What effect does food have on blood clotting time?

January 14, 2010

The only way that food can have any kind of effect on clotting time is when you consume food that has anticoagulant properties. Coagulation is a process in which specialized cells of your body called thrombocytes start to gather around a wound and start to create a structural lattice of fibrous protein called a blood clot. By itself, there is no danger from this process and it is in fact one of the necessary functions of the body. This is only if clotting occurs on injury. If clotting occurs inside the body without the presence of injury, it is a serious condition called thrombosis. Thrombosis can sometimes occur in the veins and arteries of the body. One of the most famous types of thrombosis is called colloquially as the economy class syndrome and medically as Deep Vein Thrombosis or DVT. Worth noting is the fact that it is not the thrombosis itself that is the killer factor but rather what happens after that. When a clot is formed in a blood vessel, there is a possibility that it can break off and travel through the blood stream. This condition is called an embolism. If an embolism travels to the lungs, the resulting pulmonary embolism will be fatal.

There are certain types of drugs that can affect the process of clotting. The most famous of these is acetylsalicylic acid. This affects clotting by displacing some of the crucial enzymes in coagulation in thrombocytes. thrombocytes are cells that only contain clotting factor and do not contain nuclei that contain instructions to synthesize it. Once the clotting factors are displaced, clotting cannot take place until these cells are replaced, which could take up to a week. There are some foods with anticoagulant properties as well. Notable among these are garlic and the herb feverfew.

Feverfew is especially known for its blood thinning properties and can be used as a natural alternative to acetylsalicylic acid.
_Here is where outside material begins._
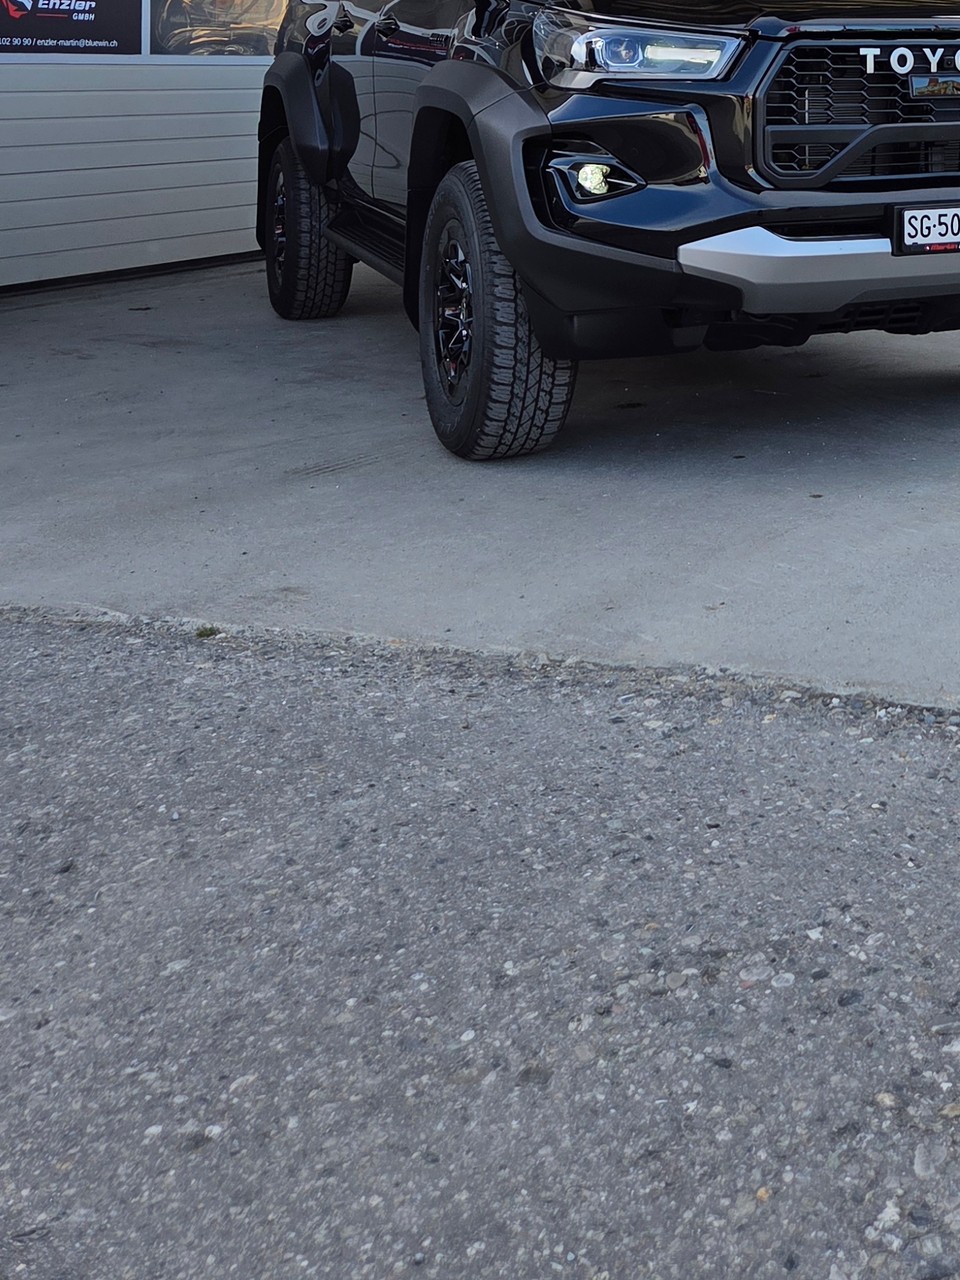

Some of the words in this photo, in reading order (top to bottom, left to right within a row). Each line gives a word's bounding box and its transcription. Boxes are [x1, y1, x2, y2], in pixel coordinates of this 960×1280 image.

It is one of the most popular methods of dealing with a headache or even migraines. Garlic is a wide spectrum drug because it serves as an antibiotic, a blood thinner, and an antihypertensive. For this reason, garlic should not be consumed in high quantities even by extremely healthy people, though an overdose is probably a good idea when there is a major infection in the body. Some anti-inflammatory herbs can also affect clotting times like turmeric but this only if you apply it topically.